Two and a half millennia ago, the artifact appeared in a remote corner of space, beside a trillion-year-old dying sun from a different universe. It was a perfect black-body sphere, and it did nothing. Then it disappeared. Now it is back.

I’d remembered Excession as a fun book and the one most about the Culture proper, at least until Look to Windward. I’d forgotten that it involves Dajeil Gelian, a woman who deliberately remains nine months pregnant for forty years. So, as you might imagine, when I opened up the book in my sixth month of pregnancy and encountered her, I blurted out, “The hell you say!”

A moment’s reflection told me that the same level of bioengineering that let her halt her pregnancy must also give her the ability to ameliorate all the many physical side-effects of being pregnant, which allowed me to just barely suspend my disbelief. Still, as Chad put it when I mentioned this to him, the Culture, which has pregnancies, is written by Iain M. Banks.
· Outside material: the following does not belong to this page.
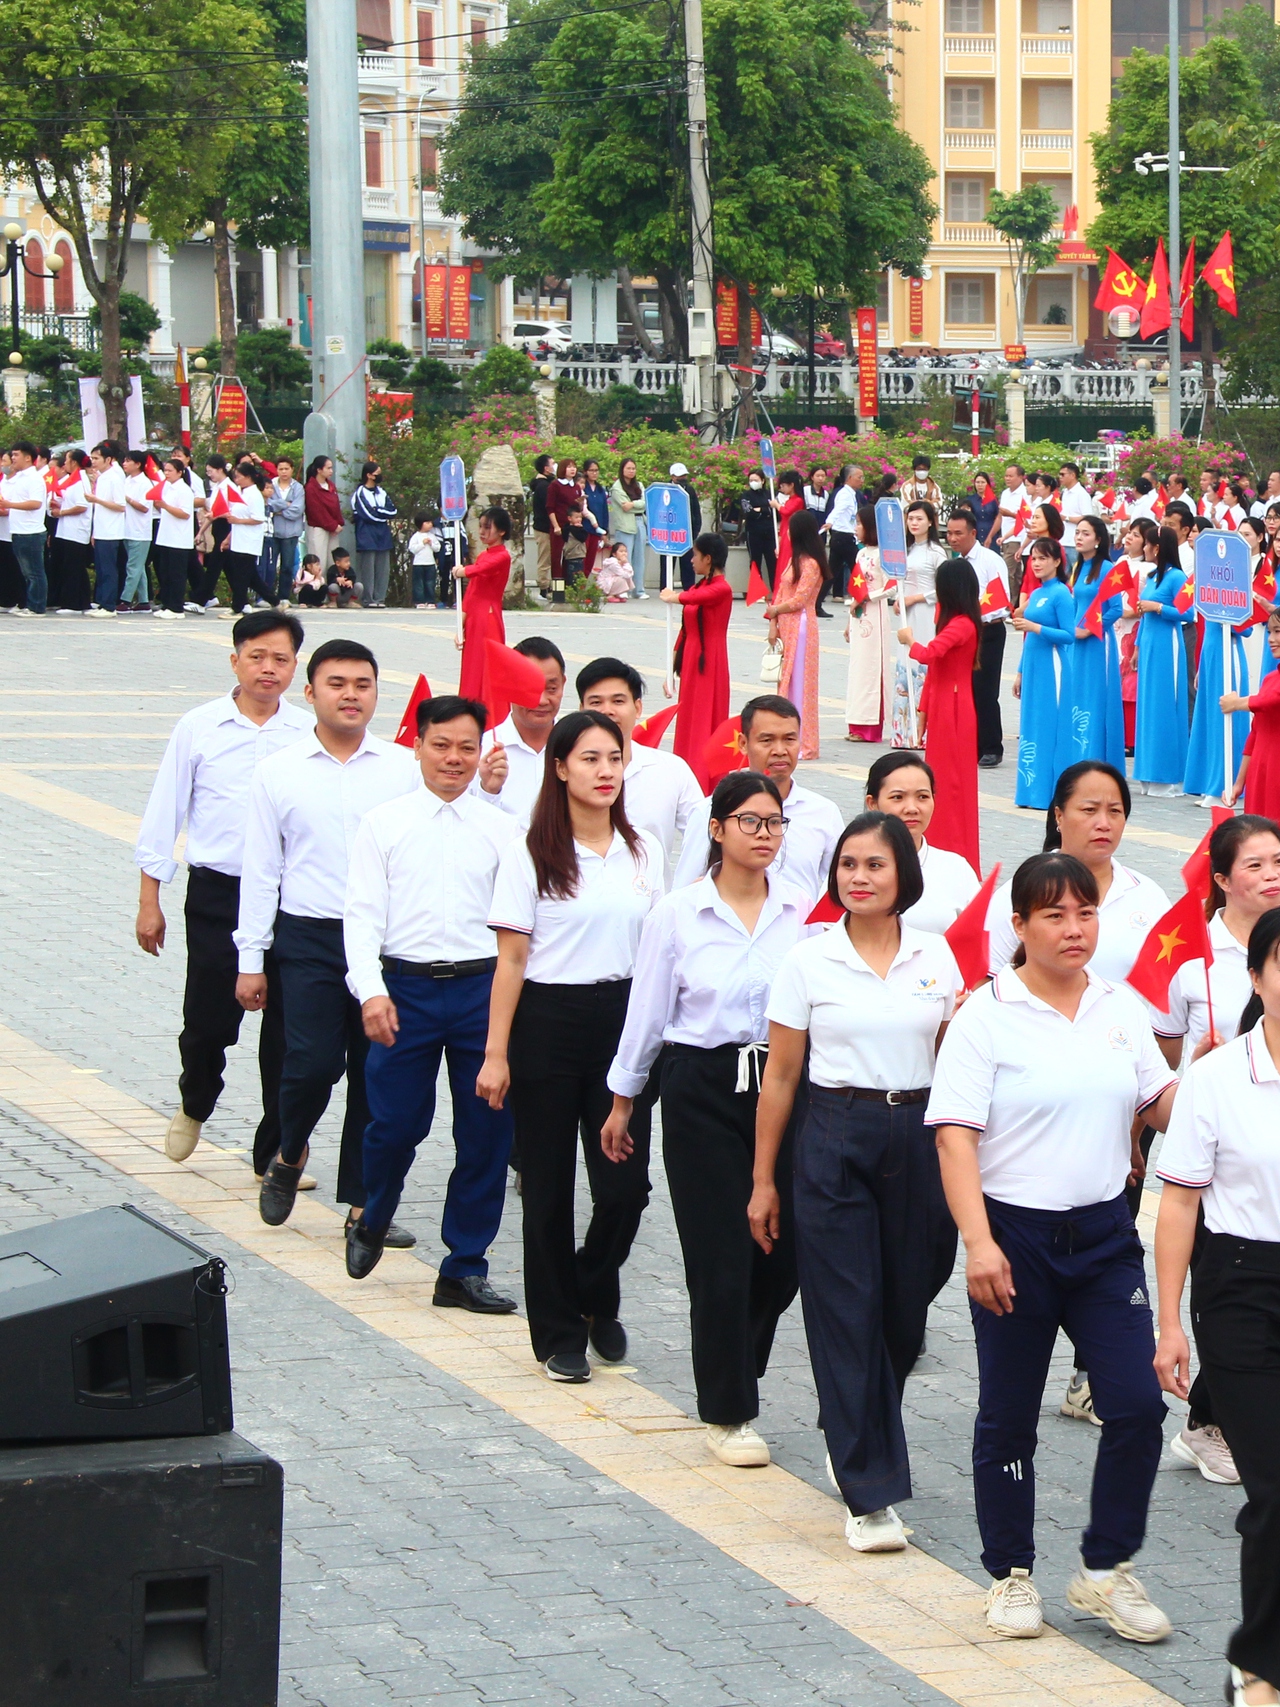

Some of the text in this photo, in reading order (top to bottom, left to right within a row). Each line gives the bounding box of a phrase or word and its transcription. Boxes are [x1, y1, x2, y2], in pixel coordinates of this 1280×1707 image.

In contrast, the Vorkosigan universe, which is much less technologically advanced, nevertheless has uterine replicators, and is written by Lois McMaster Bujold.

Anyway. The Excession appears and plots immediately spring up around it, which end up affecting a number of vastly self-absorbed individuals such as Dajeil. The wide-angle stuff is fine, just as entertaining as I remembered, with the minor exception that the Affront (Banks really has a flair for names) is maybe too similar to the society in The Player of Games. But the small-scale stuff ends up being mostly about Dajeil, and because I can’t get a handle on her, it ends up falling flat for me. I first read this in college, and then I barely thought about whether she made sense. Now, I spent a lot of time trying to construct any sympathetic or sensible model of her in my head, and I just couldn’t do it.

So, not as successful a book for me on this re-read, but I am now in the mood for the rest of the series, if only my free time would cooperate.